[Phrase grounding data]
.....

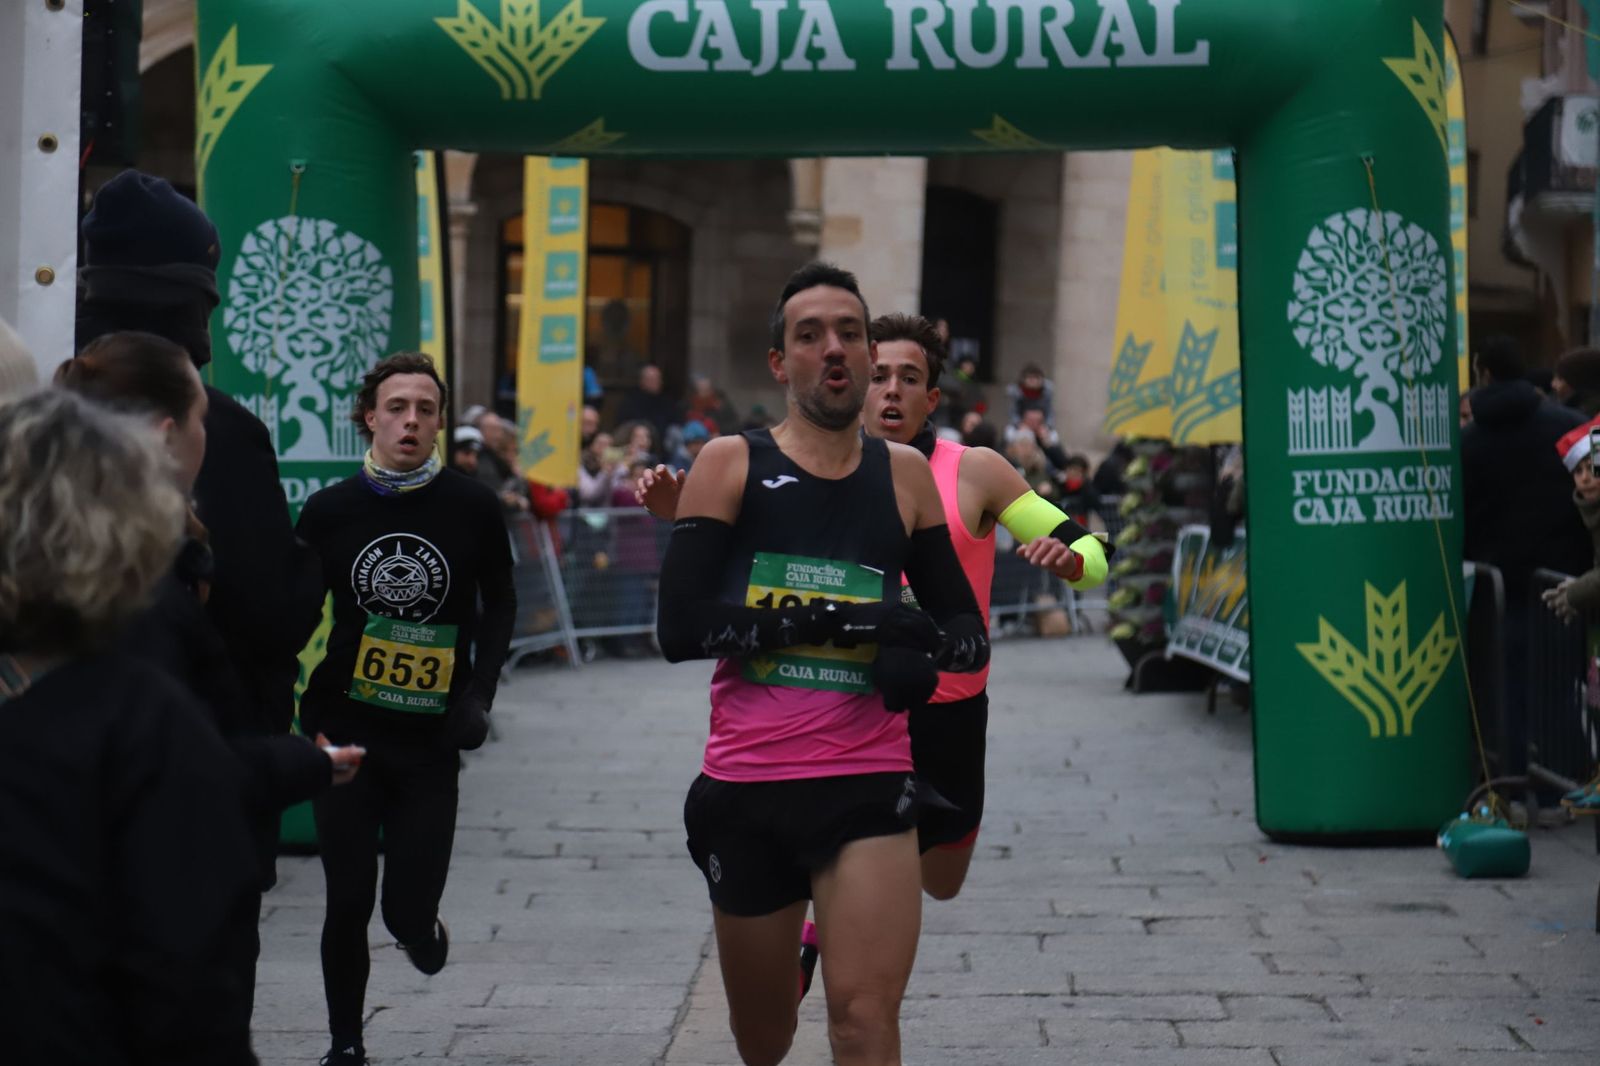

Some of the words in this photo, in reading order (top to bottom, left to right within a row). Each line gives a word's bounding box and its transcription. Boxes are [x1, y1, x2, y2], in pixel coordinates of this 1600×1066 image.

[627, 0, 856, 76] CAJA
[886, 0, 1209, 69] RURAL
[1292, 465, 1452, 496] FUNDACION
[1293, 496, 1367, 525] CAJA
[1373, 493, 1454, 522] RURAL
[358, 547, 383, 592] NATACIÓN
[415, 546, 443, 588] ZAMORA
[785, 572, 810, 582] CAJA
[812, 574, 846, 587] RURAL
[787, 563, 846, 578] FUNDACON
[392, 624, 437, 636] FUNDACON
[363, 647, 440, 689] 653
[778, 664, 815, 679] CAJA
[818, 668, 866, 684] RURAL
[378, 691, 405, 704] CAJA
[406, 696, 441, 707] RURAL
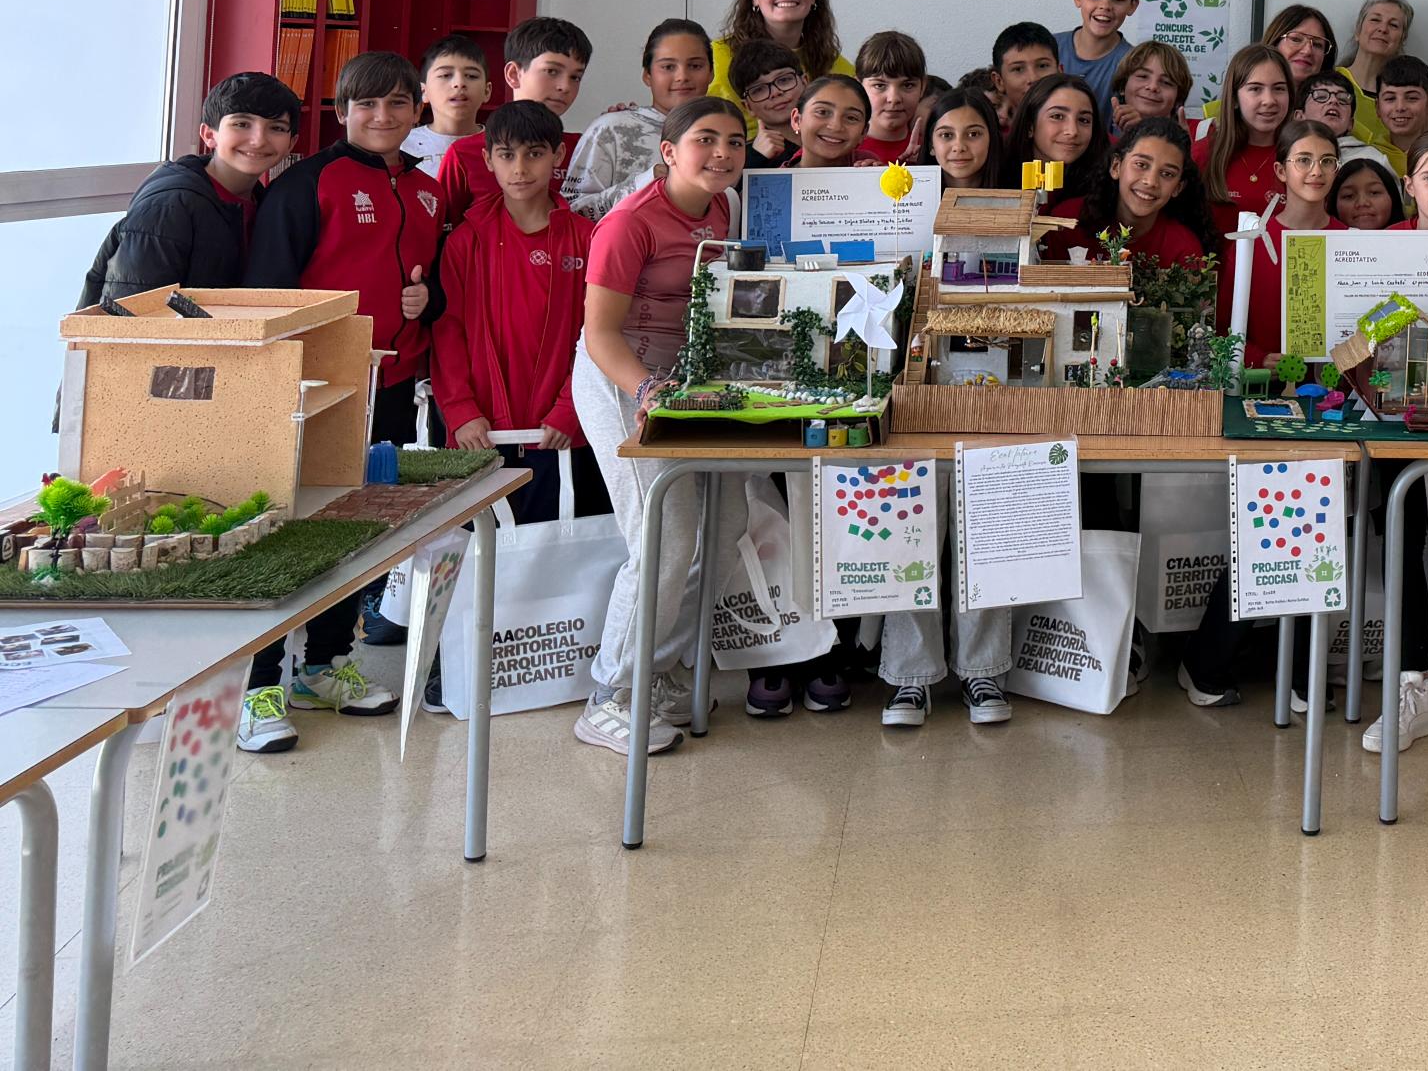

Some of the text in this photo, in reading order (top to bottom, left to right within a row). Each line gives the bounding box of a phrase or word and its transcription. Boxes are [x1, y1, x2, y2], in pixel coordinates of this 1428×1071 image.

[1155, 23, 1194, 33] CONCURS
[1153, 34, 1196, 44] PROJECTE
[357, 213, 377, 224] HBL
[836, 562, 889, 572] PROJECTE
[1166, 554, 1228, 570] CTAACOL
[1252, 560, 1302, 573] PROJECTE
[840, 574, 886, 584] ECOCASA
[1165, 568, 1228, 585] TERRITO
[1256, 573, 1298, 586] ECOCASA
[492, 618, 585, 645] AACOLEGIO
[492, 634, 579, 660] RRITORIAL
[1016, 657, 1082, 682] DEALICANTE
[490, 663, 575, 690] ALICANTE

.....

- YOUR TASK: Type out the data above again exactly as written, minus the images.

- SOLUTION TO THE PROBLEM:
Some of the words in this photo, in reading order (top to bottom, left to right within a row). Each line gives a word's bounding box and its transcription. Boxes are [x1, y1, x2, y2], in pixel coordinates of this 1600×1066 image.

[627, 0, 856, 76] CAJA
[886, 0, 1209, 69] RURAL
[1292, 465, 1452, 496] FUNDACION
[1293, 496, 1367, 525] CAJA
[1373, 493, 1454, 522] RURAL
[358, 547, 383, 592] NATACIÓN
[415, 546, 443, 588] ZAMORA
[785, 572, 810, 582] CAJA
[812, 574, 846, 587] RURAL
[787, 563, 846, 578] FUNDACON
[392, 624, 437, 636] FUNDACON
[363, 647, 440, 689] 653
[778, 664, 815, 679] CAJA
[818, 668, 866, 684] RURAL
[378, 691, 405, 704] CAJA
[406, 696, 441, 707] RURAL

Some of the text in this photo, in reading order (top to bottom, left to right within a row). Each line gives the bounding box of a phrase or word and its transcription. Boxes are [x1, y1, x2, y2], in pixel coordinates of this 1428×1071 image.

[1155, 23, 1194, 33] CONCURS
[1153, 34, 1196, 44] PROJECTE
[357, 213, 377, 224] HBL
[836, 562, 889, 572] PROJECTE
[1166, 554, 1228, 570] CTAACOL
[1252, 560, 1302, 573] PROJECTE
[840, 574, 886, 584] ECOCASA
[1165, 568, 1228, 585] TERRITO
[1256, 573, 1298, 586] ECOCASA
[492, 618, 585, 645] AACOLEGIO
[492, 634, 579, 660] RRITORIAL
[1016, 657, 1082, 682] DEALICANTE
[490, 663, 575, 690] ALICANTE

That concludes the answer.